Assignment:
All records below are to be set down precisely as written, excluding pictures.

Collected data:
★ ★ ★ ★ ★

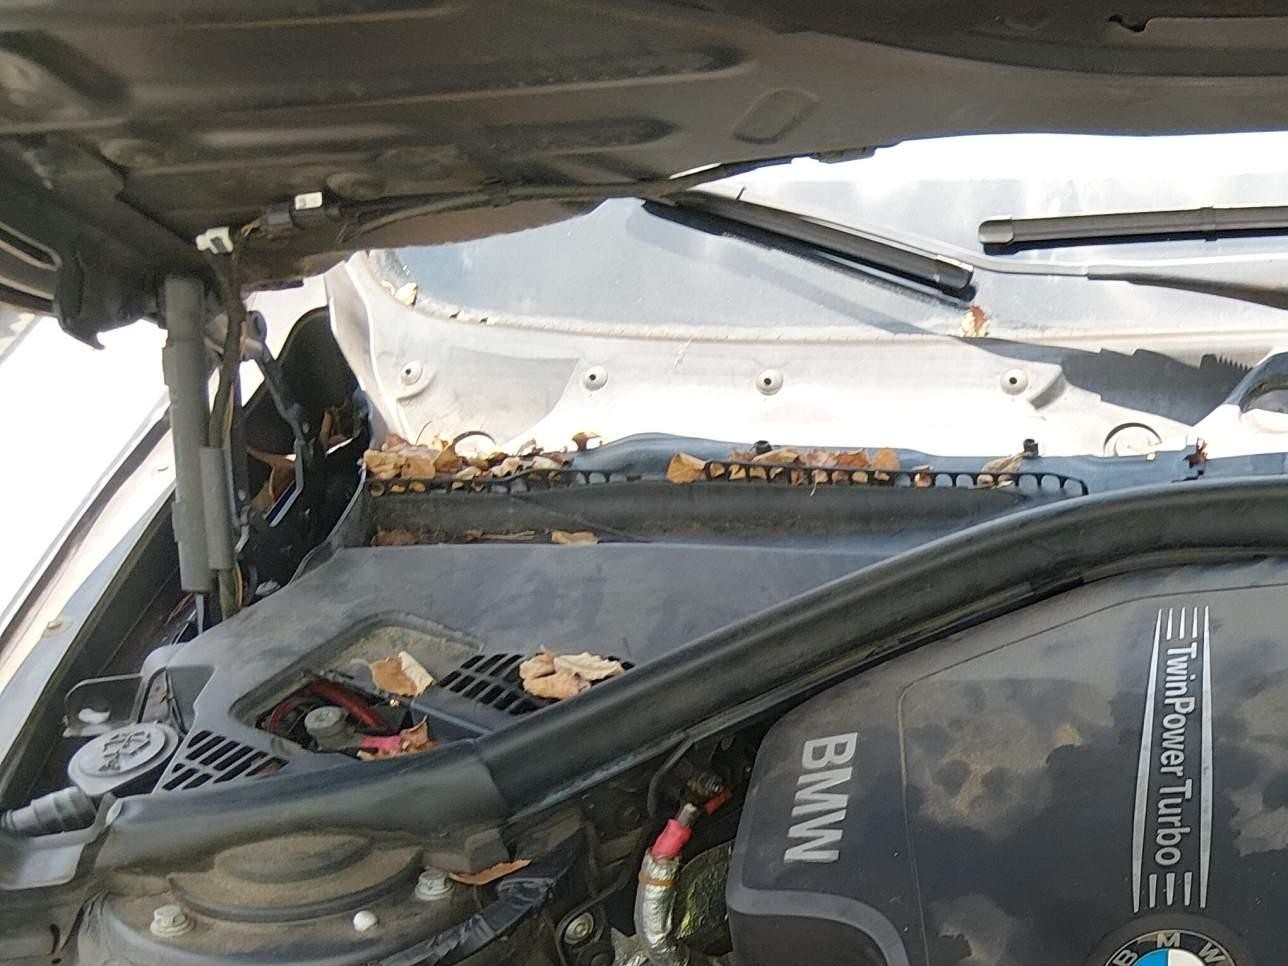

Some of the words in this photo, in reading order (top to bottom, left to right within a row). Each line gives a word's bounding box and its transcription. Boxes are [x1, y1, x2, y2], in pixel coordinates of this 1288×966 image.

[1160, 642, 1198, 777] TwinPower
[783, 731, 858, 864] BMW
[1154, 779, 1193, 866] Turbo
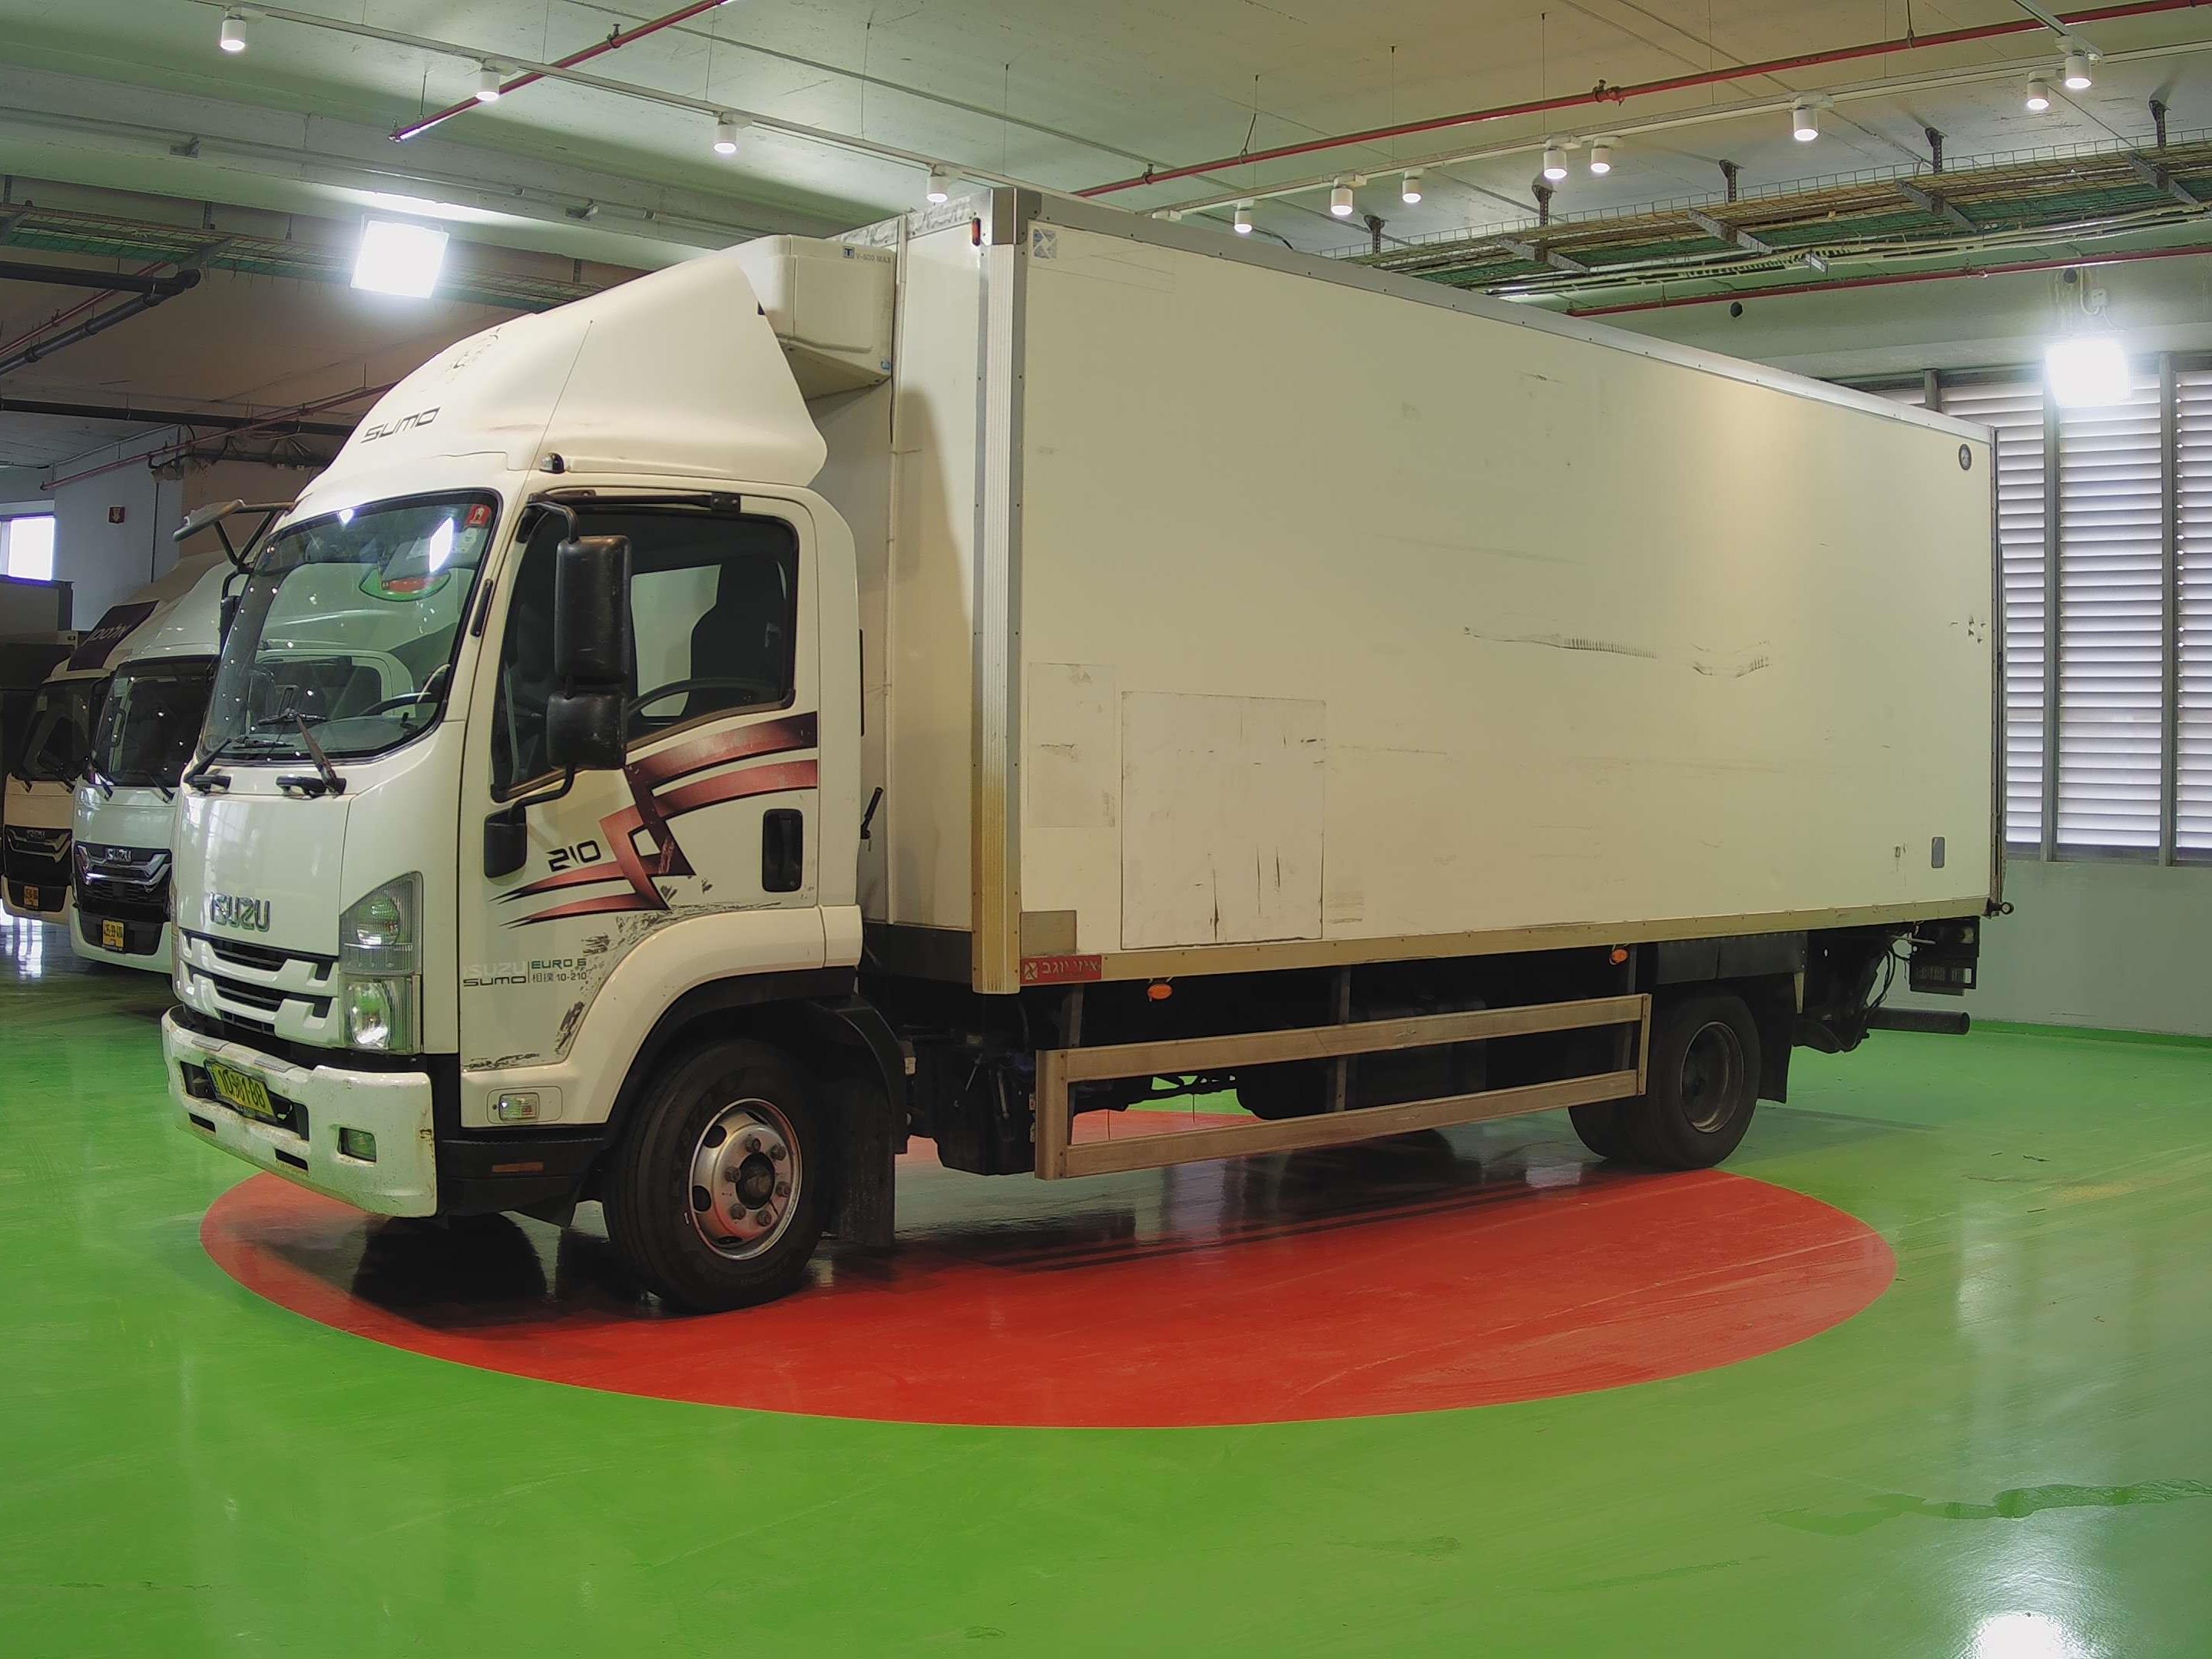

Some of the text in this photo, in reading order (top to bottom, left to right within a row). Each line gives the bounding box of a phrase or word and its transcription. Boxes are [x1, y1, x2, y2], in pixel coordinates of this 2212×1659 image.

[360, 406, 441, 444] SUMO
[104, 847, 132, 861] ISUZU
[546, 839, 601, 873] 210
[210, 892, 270, 932] ISUZU
[531, 959, 573, 970] EURO
[463, 975, 526, 987] SUMO
[556, 972, 587, 982] 10-210

★ ★ ★ ★ ★

Solution for this problem:
Some of the words in this photo, in reading order (top to bottom, left to right within a row). Each line gives a word's bounding box and its transcription. Boxes are [x1, y1, x2, y2], in pixel coordinates of this 1288×966 image.

[1160, 642, 1198, 777] TwinPower
[783, 731, 858, 864] BMW
[1154, 779, 1193, 866] Turbo

Some of the text in this photo, in reading order (top to bottom, left to right within a row). Each line gives the bounding box of a phrase or word and its transcription. Boxes are [x1, y1, x2, y2], in pixel coordinates of this 2212×1659 image.

[360, 406, 441, 444] SUMO
[104, 847, 132, 861] ISUZU
[546, 839, 601, 873] 210
[210, 892, 270, 932] ISUZU
[531, 959, 573, 970] EURO
[463, 975, 526, 987] SUMO
[556, 972, 587, 982] 10-210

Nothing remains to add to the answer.